INSTRUCTIONS FOR THE TASK | In the copy, include every entry exactly but none of the images.

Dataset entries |
::::::::::
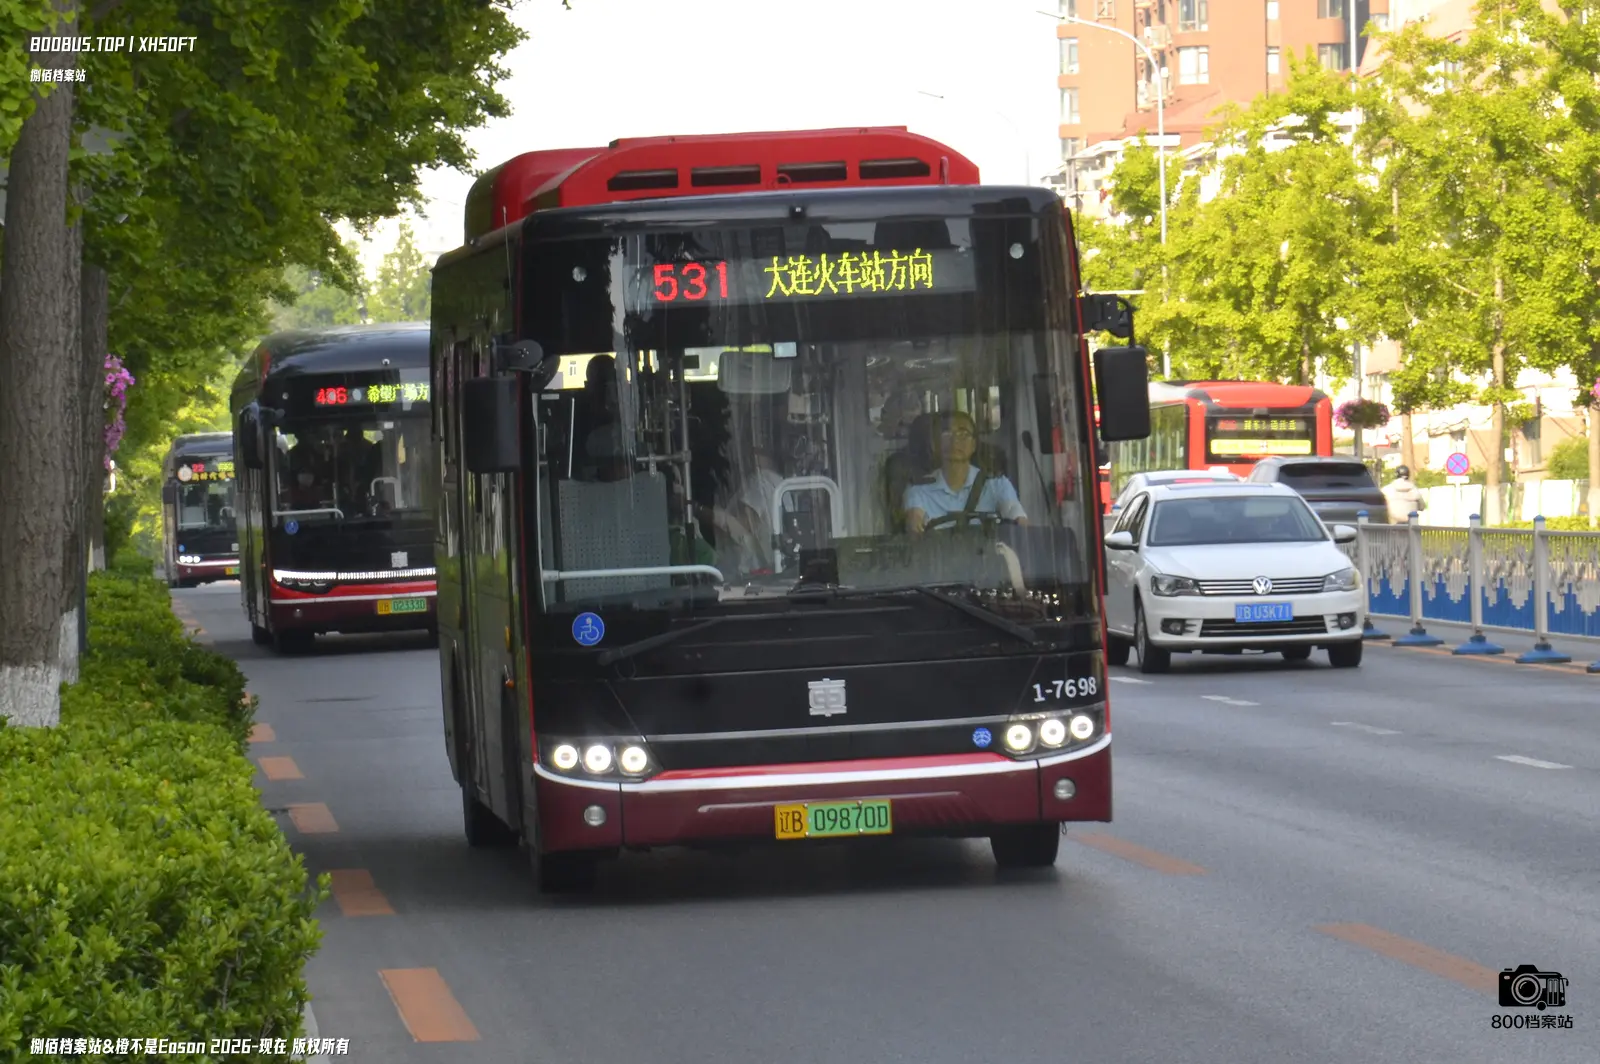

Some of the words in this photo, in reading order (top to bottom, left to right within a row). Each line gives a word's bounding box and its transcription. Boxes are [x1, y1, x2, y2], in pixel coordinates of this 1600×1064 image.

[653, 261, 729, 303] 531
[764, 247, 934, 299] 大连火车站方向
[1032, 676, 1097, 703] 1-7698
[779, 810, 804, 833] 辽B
::::::::::
ANSWER |
Some of the words in this photo, in reading order (top to bottom, left to right within a row). Each line gives a word's bounding box and its transcription. Boxes are [x1, y1, x2, y2], in pixel coordinates of this 1600×1064 image.

[653, 261, 729, 303] 531
[764, 247, 934, 299] 大连火车站方向
[1032, 676, 1097, 703] 1-7698
[779, 810, 804, 833] 辽B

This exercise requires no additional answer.